[Material provided — start]

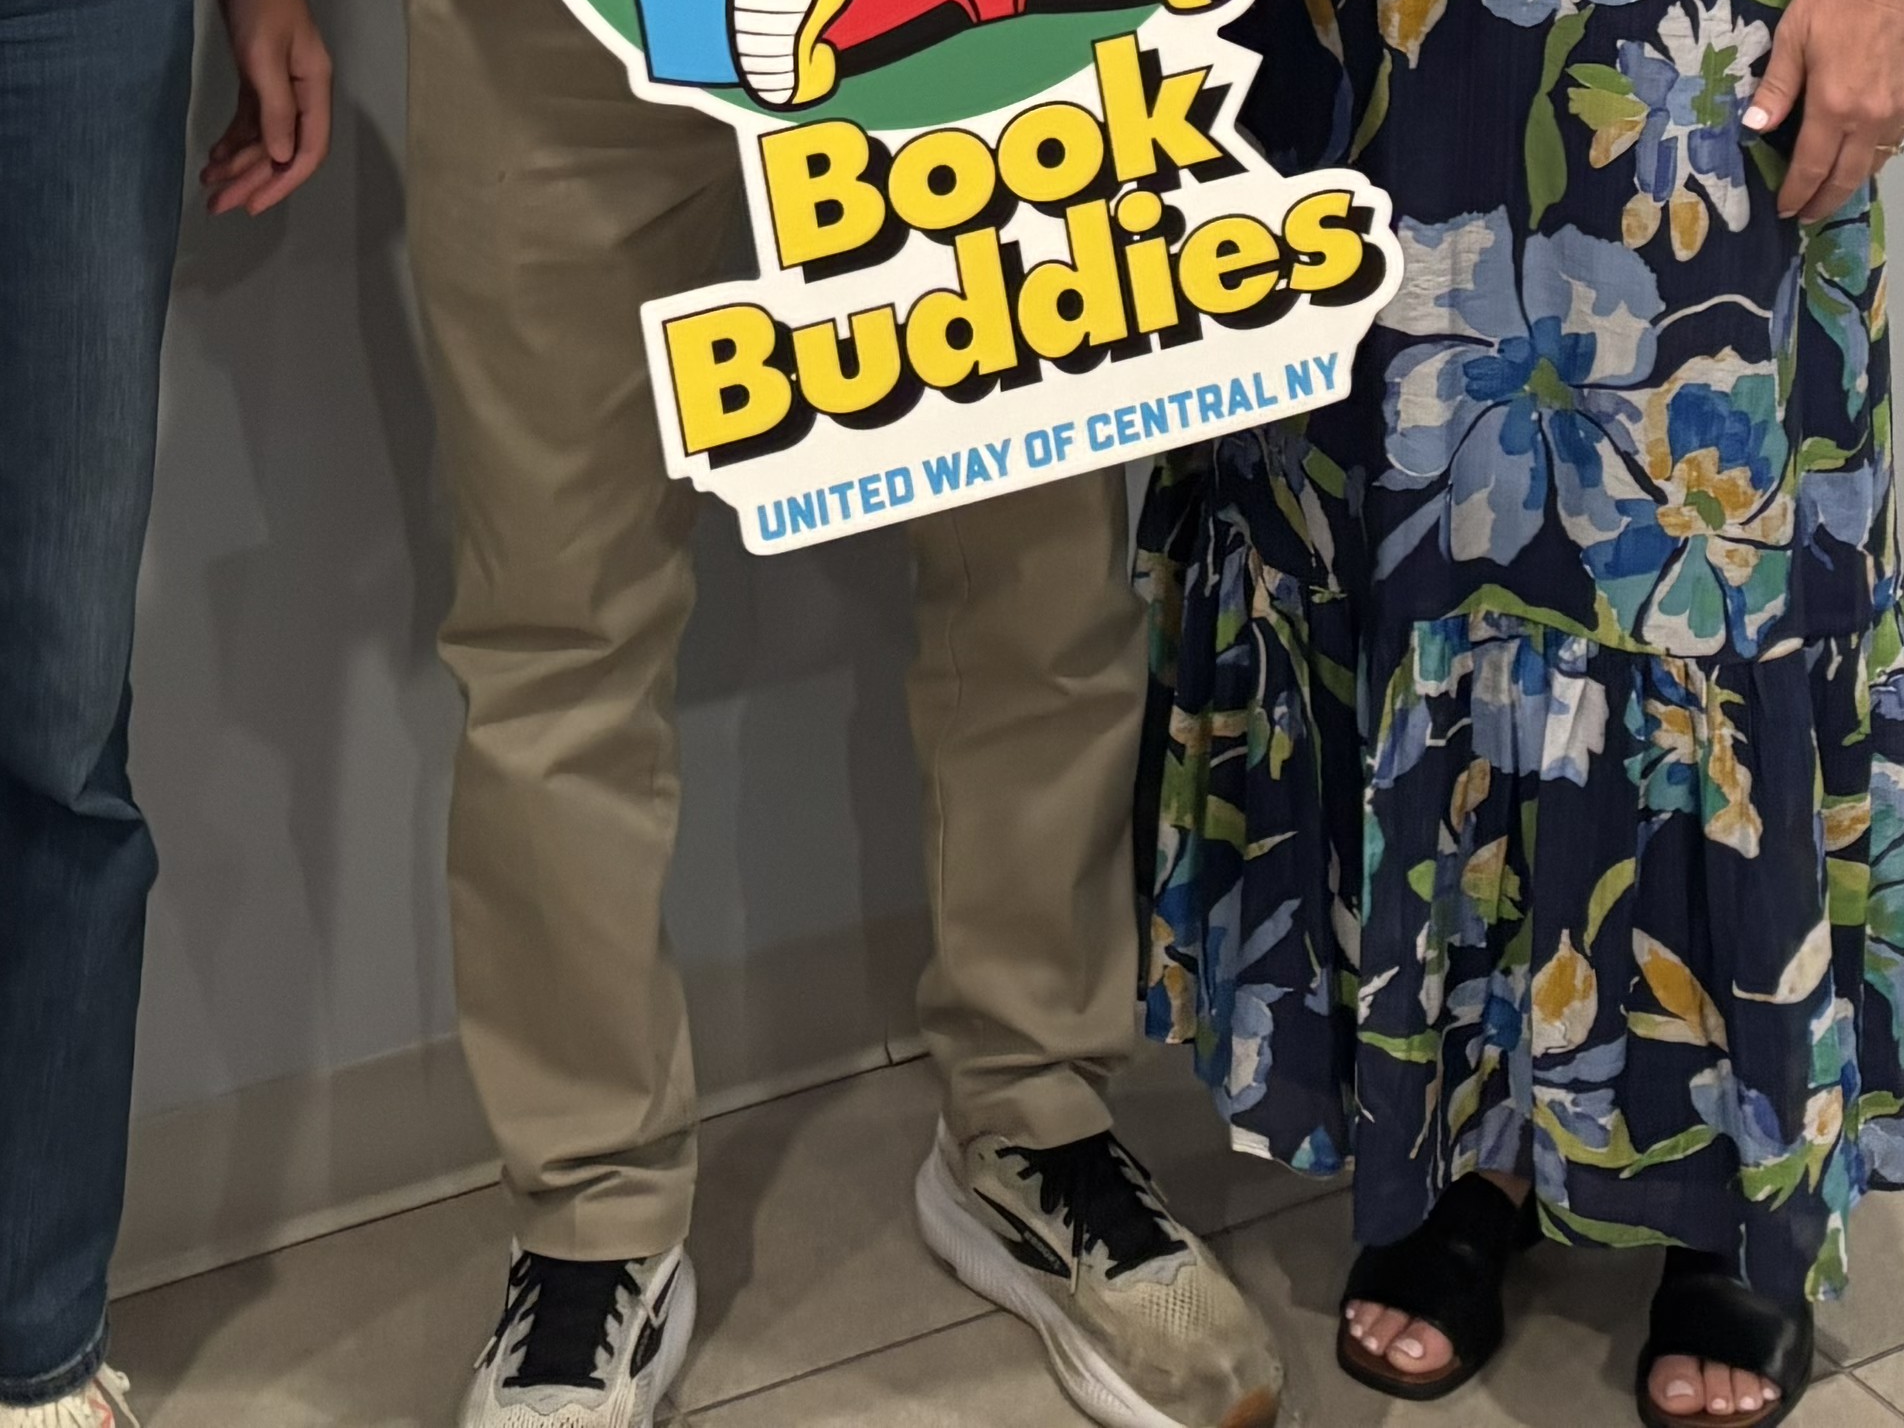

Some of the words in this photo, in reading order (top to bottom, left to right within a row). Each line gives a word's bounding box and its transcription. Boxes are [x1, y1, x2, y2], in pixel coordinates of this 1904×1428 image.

[756, 31, 1236, 280] Book
[662, 189, 1378, 464] Buddies
[757, 464, 916, 542] UNITED
[924, 437, 1014, 497] WAY
[1024, 421, 1076, 470] OF
[1087, 379, 1279, 459] CENTRAL
[1284, 352, 1341, 406] NY
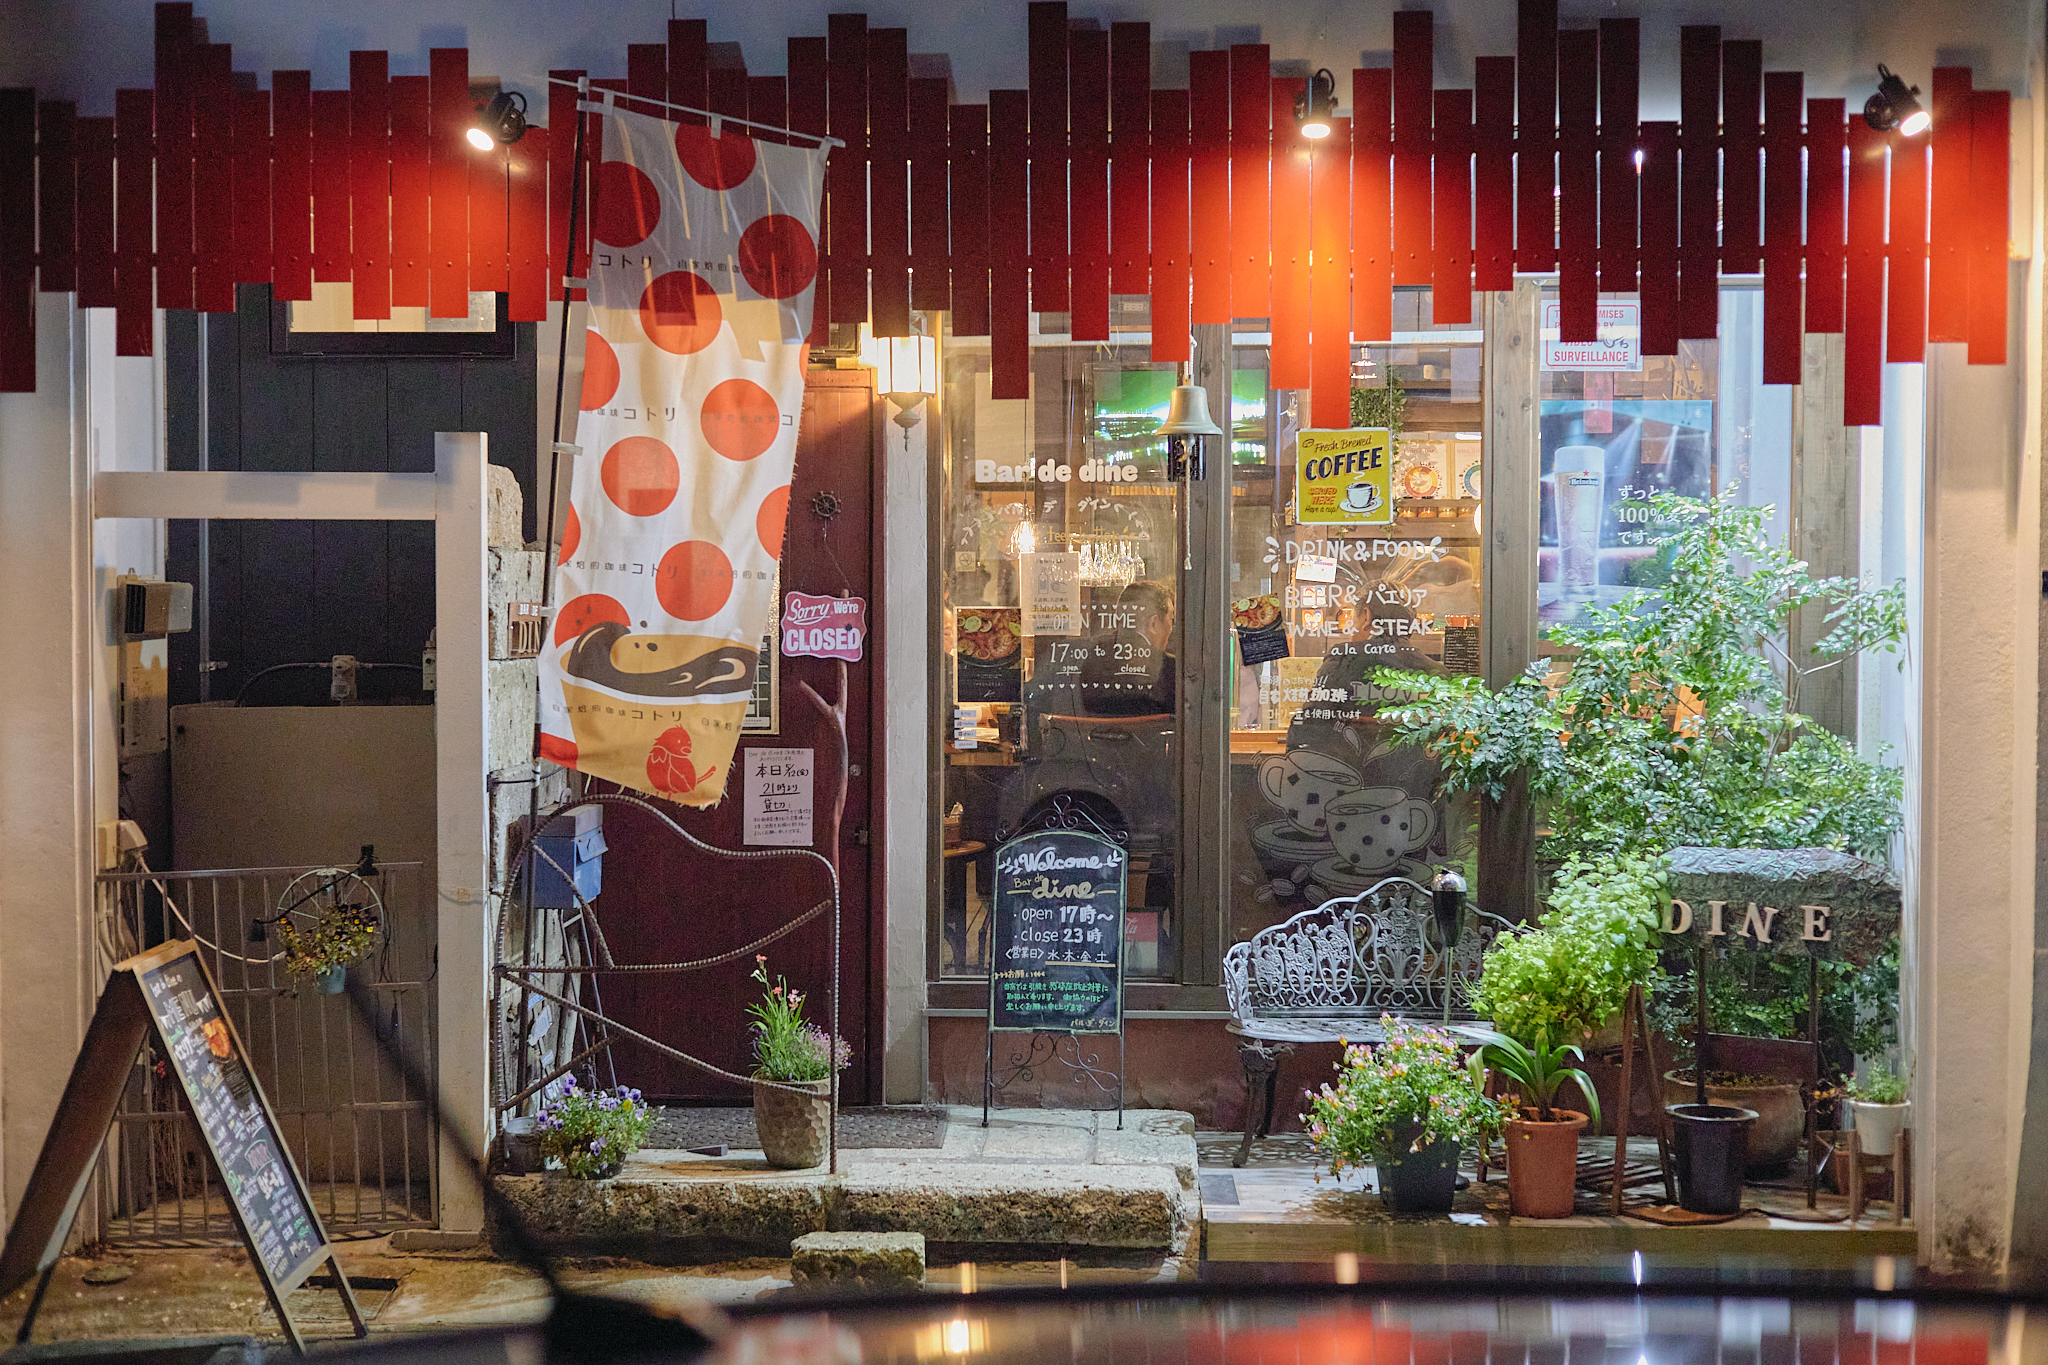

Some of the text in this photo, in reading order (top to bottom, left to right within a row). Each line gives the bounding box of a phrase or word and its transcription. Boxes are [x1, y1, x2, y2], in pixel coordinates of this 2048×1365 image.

[Material provided — finish]

Assignment: Make an exact copy of the records above, with the pictures left out.

Answer to this task:
Some of the words in this photo, in reading order (top to bottom, left to right within a row). Each line gives a word's bounding box and its transcription. Boxes are [x1, y1, x2, y2], in pixel coordinates of this 1904×1428 image.

[756, 31, 1236, 280] Book
[662, 189, 1378, 464] Buddies
[757, 464, 916, 542] UNITED
[924, 437, 1014, 497] WAY
[1024, 421, 1076, 470] OF
[1087, 379, 1279, 459] CENTRAL
[1284, 352, 1341, 406] NY

Some of the text in this photo, in reading order (top to bottom, left to right within a row). Each line gives the bounding box of a phrase or word and its transcription. Boxes are [x1, y1, x2, y2], in pixel coordinates of this 2048×1365 image.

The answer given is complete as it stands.